The CD booted up surprisingly quickly, almost as fast as Puppy
The proprietary NVIDIA drivers loaded up perfectly by default. This has never happened on any other OS and was an excellent surprise.
The default GNOME environment was functional and looked great
If you read many of my other posts, you'll see that I'm no fan of Compiz. However, for the sake of my mini-review, I tested it out. By virtue of the proprietary NVIDIA driver, it worked flawlessly off the Live CD - another first for me. Even the water effects worked with minimal lag.
Even when I had Compiz enabled, the system felt very snappy (for a Live CD), certainly faster than Ubuntu.
I have never had a Linux distro recognize my wireless-adapter-from-hell off the Live CD, and OpenSolaris was no surprise here. Total failure. When I install it tomorrow, I'll follow a helpful guide to get ndiswrapper running, which I know supports my card. There is currently a project to port the rum driver from the BSDs. When completed, my adapter should work out of the box! The only thing that I didn't like was the silly Network Auto-Magic tool. It didn't work magically and must be disabled before you can configure the network manually.
I was pleased to see that OpenSolaris avoided including bloatware like OpenOffice and Mono on the Live CD. OOo is in the repos for any who need it.

If that sounded like an advertisement... it could have been. Since this is a first release, I expected bugs, not out-of-the-box perfection. I'll post a more detailed review tomorrow or the next day discussing my installation and configuration attempts. On the list: connect to network, test IPS packaging system, install/configure and run dwm, and install Opera.

Playa1313
May 25th, 2008, 09:38 PM
Wow, thanks for making this thread. I always hear about other distributions that start with 'OPEN.' By these, I mean OpenBSD and OpenSolaris for example. Honestly, I am quite confused between these and Gnu/Linux, but am not afraid to say that.

I am willing to try something new.. but first I have to find out what the differences between them all are!

Anyways, great review/impressions list.

Thanks,
Brian

cardinals_fan
May 25th, 2008, 09:48 PM
Wow, thanks for making this thread. I always hear about other distributions that start with 'OPEN.' By these, I mean OpenBSD and OpenSolaris for example. Honestly, I am quite confused between these and Gnu/Linux, but am not afraid to say that.

I am willing to try something new.. but first I have to find out what the differences between them all are!

Anyways, great review/impressions list.

Thanks! I didn't expect such rave reviews ;)

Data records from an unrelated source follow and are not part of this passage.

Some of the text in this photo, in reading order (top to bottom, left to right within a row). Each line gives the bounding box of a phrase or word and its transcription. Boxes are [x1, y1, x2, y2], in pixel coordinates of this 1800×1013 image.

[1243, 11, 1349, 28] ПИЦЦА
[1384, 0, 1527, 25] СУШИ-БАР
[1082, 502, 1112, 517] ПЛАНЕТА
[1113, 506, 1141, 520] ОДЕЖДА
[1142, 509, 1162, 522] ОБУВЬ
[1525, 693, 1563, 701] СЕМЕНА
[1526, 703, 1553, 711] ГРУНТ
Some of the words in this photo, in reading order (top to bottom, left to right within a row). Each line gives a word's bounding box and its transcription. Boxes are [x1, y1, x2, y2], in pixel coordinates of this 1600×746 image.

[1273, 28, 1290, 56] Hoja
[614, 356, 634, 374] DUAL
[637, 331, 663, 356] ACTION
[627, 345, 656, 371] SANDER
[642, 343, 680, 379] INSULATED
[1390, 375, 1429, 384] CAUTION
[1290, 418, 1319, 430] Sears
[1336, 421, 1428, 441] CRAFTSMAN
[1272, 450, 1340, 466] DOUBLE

Assuming everything goes according to plan tomorrow, this may be my perfect OS. I really liked NetBSD, but the lack of a proprietary NVIDIA driver forced me away. Every Linux distro I've tried, including my favorites (Arch and Zenwalk) have been difficult with my hardware.

If the OpenSolaris crew can get the rum driver into the next release, it would be the first OS that has ever worked out-of-the-box flawlessly for me.

Playa1313
May 25th, 2008, 10:02 PM
If the OpenSolaris crew can get the rum driver into the next release, it would be the first OS that has ever worked out-of-the-box flawlessly for me.

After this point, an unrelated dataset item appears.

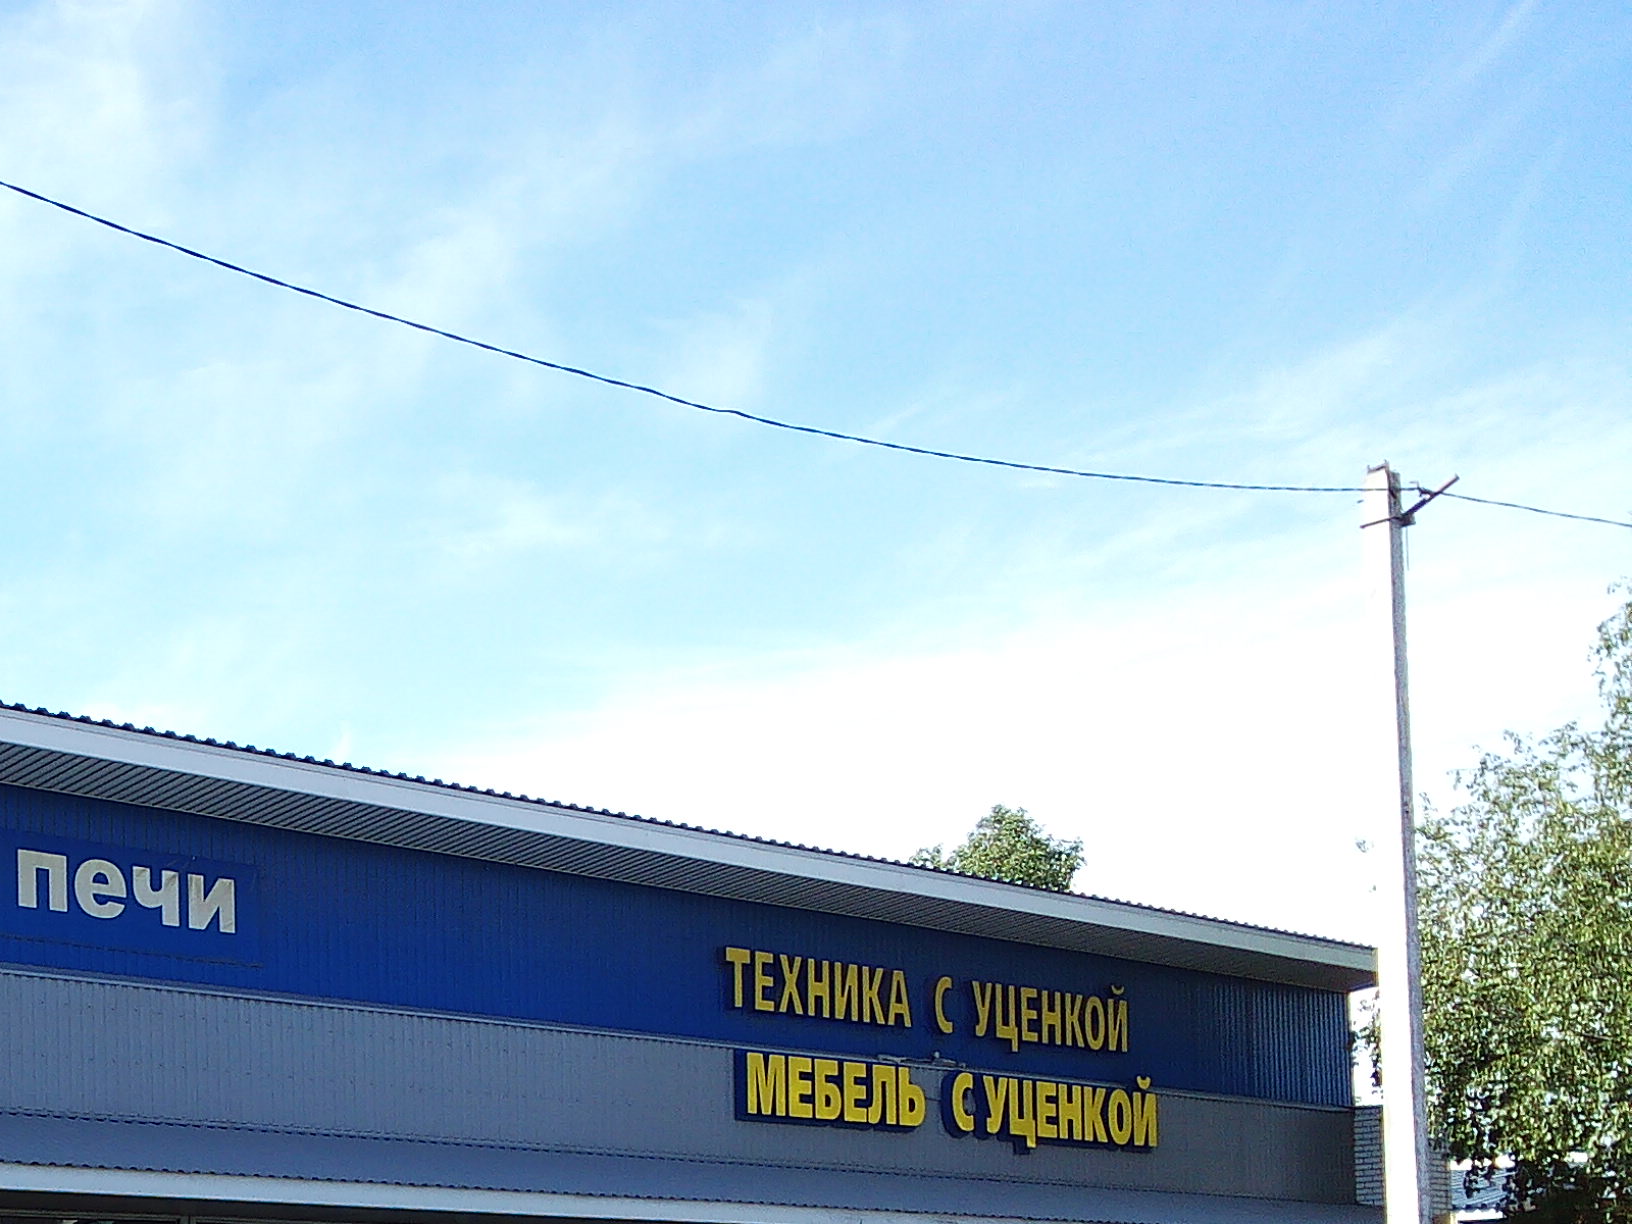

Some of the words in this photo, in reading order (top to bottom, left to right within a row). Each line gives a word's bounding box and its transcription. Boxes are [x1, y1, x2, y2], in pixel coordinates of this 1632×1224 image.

Wow, that is QUITE amazing for a first release (i think that is what you said). If this is not just a coincidence and this OS works well with other setups too, this might be BIG.

cardinals_fan
May 25th, 2008, 10:09 PM
Wow, that is QUITE amazing for a first release (i think that is what you said). If this is not just a coincidence and this OS works well with other setups too, this might be BIG.
I'm guessing that it should work well with most NVIDIA setups. My wireless care is actually more difficult than many - some should work 'magically'.

Project Indiana has been around for a while, but this is their first official release (according to Ars Technica). Their site lists their goal as "Production Ready All The Time". Sounds awesome to me.

Playa1313
May 25th, 2008, 10:20 PM
I'm guessing that it should work well with most NVIDIA setups. My wireless care is actually more difficult than many - some should work 'magically'.

Project Indiana has been around for a while, but this is their first official release (according to Ars Technica). Their site lists their goal as "Production Ready All The Time". Sounds awesome to me.

Wow, just reading their website, FAQ, and documentation, these guys look like they really have their act together.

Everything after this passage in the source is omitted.